Segment Open

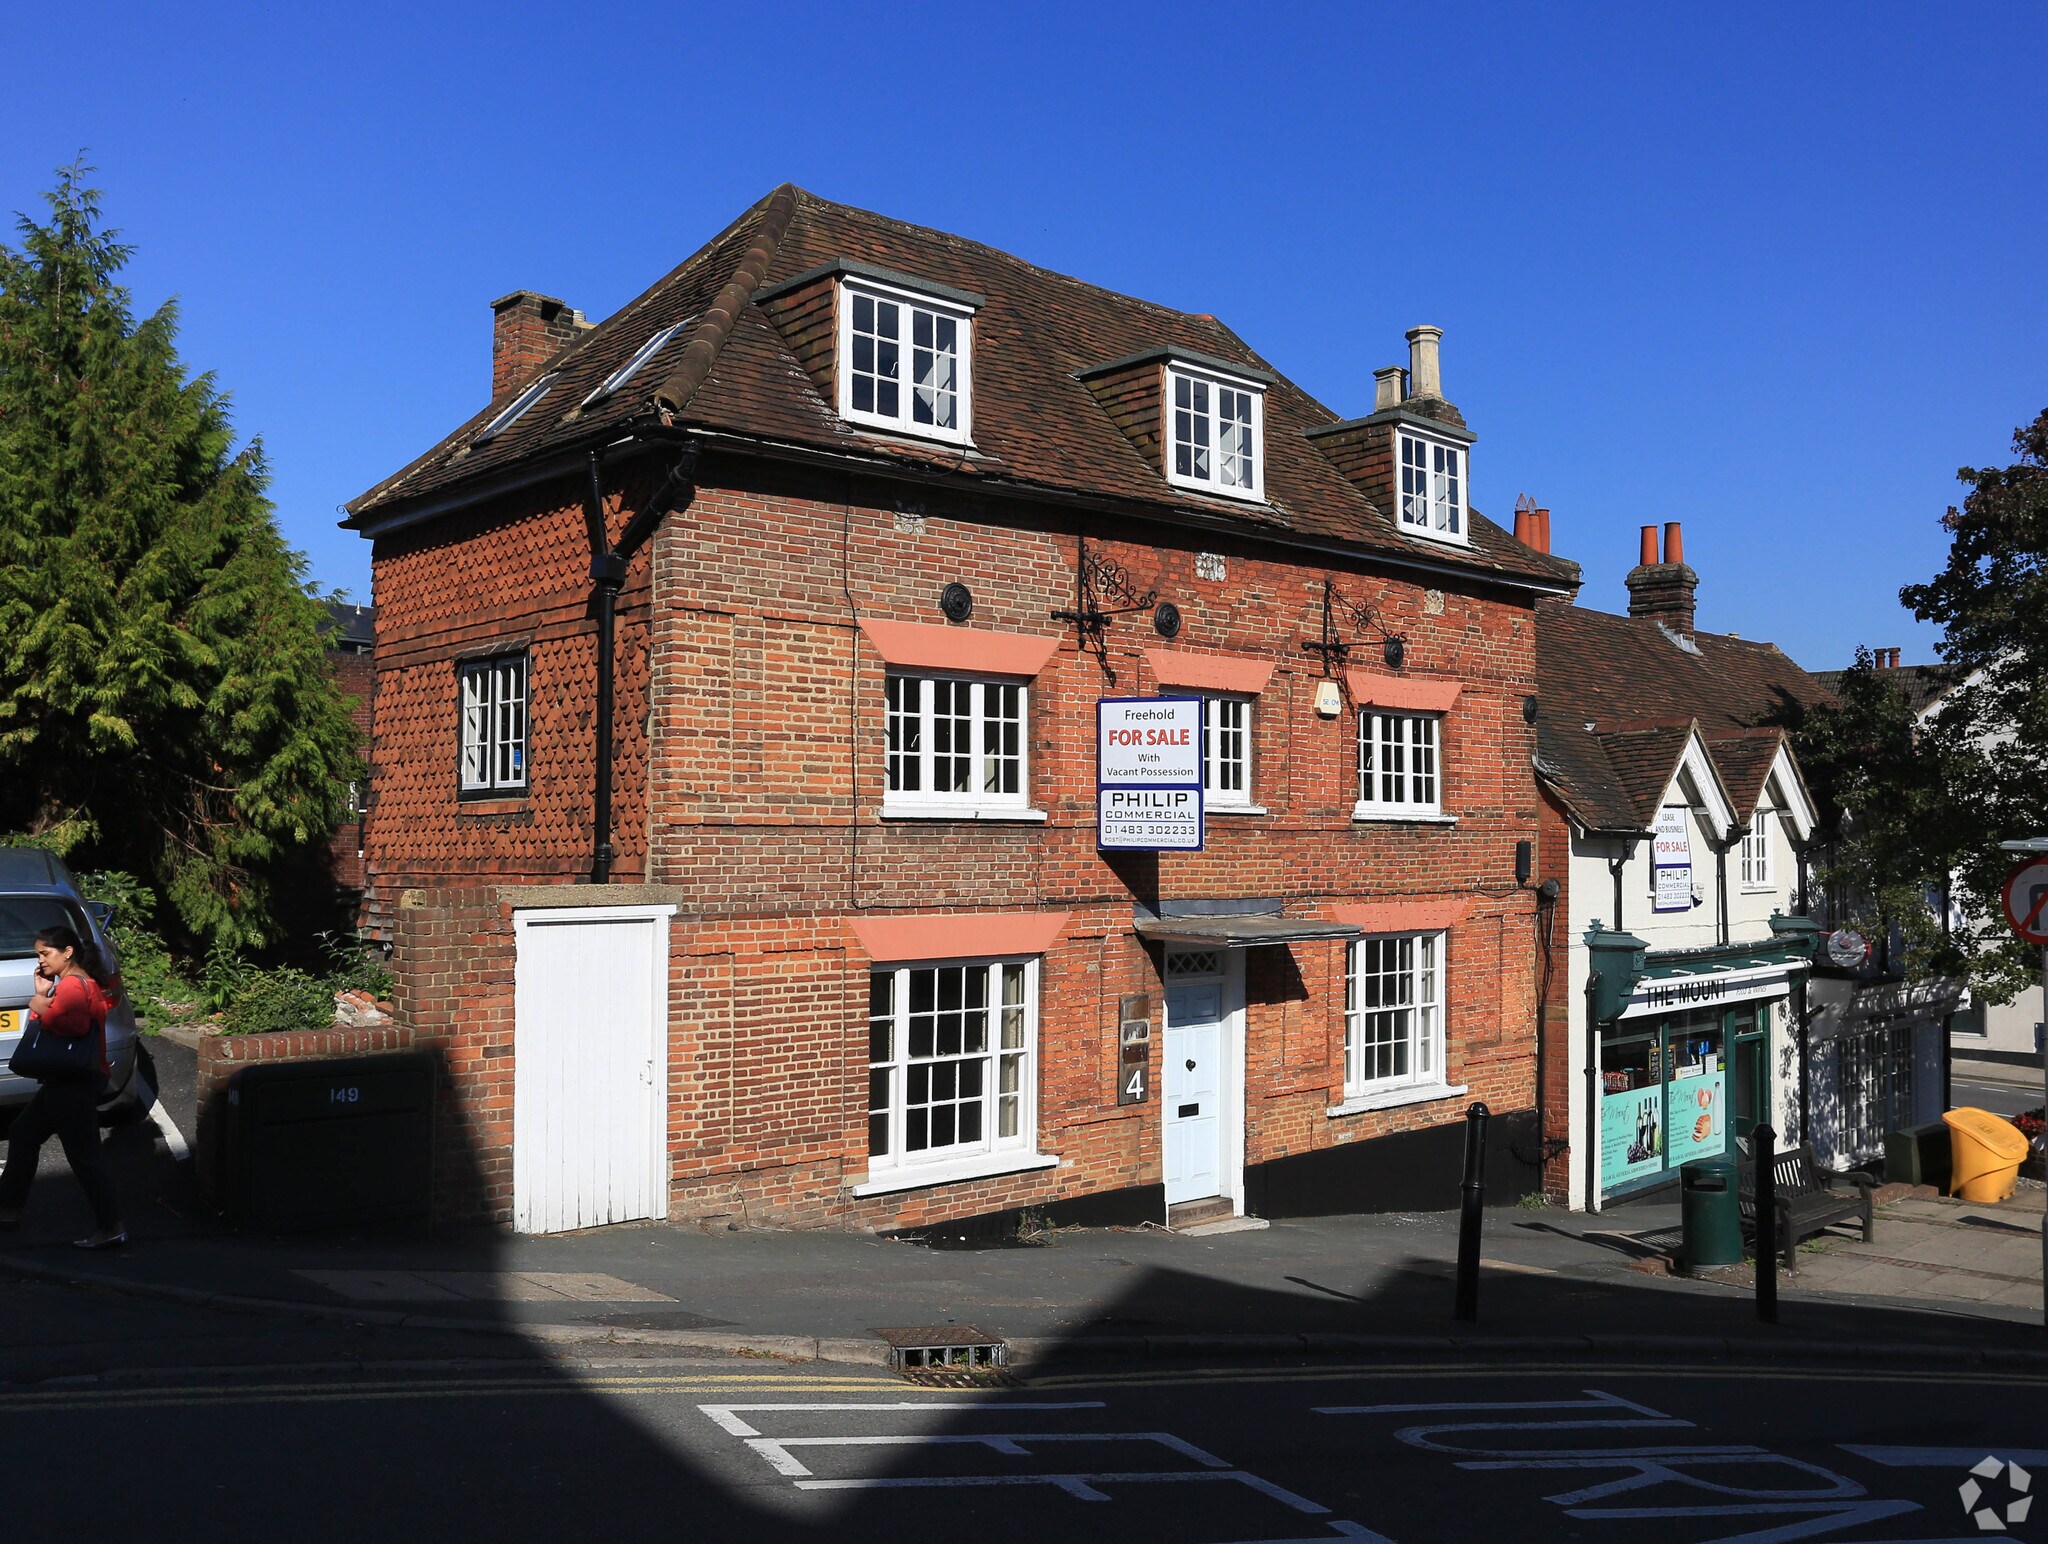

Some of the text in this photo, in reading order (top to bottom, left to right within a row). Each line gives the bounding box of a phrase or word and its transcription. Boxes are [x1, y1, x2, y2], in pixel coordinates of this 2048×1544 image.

[1124, 708, 1175, 721] Freehold
[1108, 728, 1190, 746] FOR SALE
[1137, 753, 1161, 763] With
[1106, 767, 1194, 777] Vacant Possession
[1112, 792, 1188, 807] PHILIP
[1105, 810, 1195, 819] COMMERCIAL
[1662, 813, 1675, 821] LEASE
[1104, 824, 1196, 836] 01483 302233
[1655, 825, 1684, 833] AND BUSINESS
[1656, 841, 1688, 853] FOR SALE
[1660, 869, 1688, 881] PHILIP
[1647, 984, 1674, 1009] THE
[1679, 979, 1727, 1004] MOUNT
[1126, 1069, 1144, 1099] 4
[330, 1088, 359, 1103] 149

Segment Closed

A verbatim transcription of the records, pictures excluded, is the required output.

Some of the text in this photo, in reading order (top to bottom, left to right within a row). Each line gives the bounding box of a phrase or word and its transcription. Boxes are [x1, y1, x2, y2], in pixel coordinates of this 2048×1544 image.

[1124, 708, 1175, 721] Freehold
[1108, 728, 1190, 746] FOR SALE
[1137, 753, 1161, 763] With
[1106, 767, 1194, 777] Vacant Possession
[1112, 792, 1188, 807] PHILIP
[1105, 810, 1195, 819] COMMERCIAL
[1662, 813, 1675, 821] LEASE
[1104, 824, 1196, 836] 01483 302233
[1655, 825, 1684, 833] AND BUSINESS
[1656, 841, 1688, 853] FOR SALE
[1660, 869, 1688, 881] PHILIP
[1647, 984, 1674, 1009] THE
[1679, 979, 1727, 1004] MOUNT
[1126, 1069, 1144, 1099] 4
[330, 1088, 359, 1103] 149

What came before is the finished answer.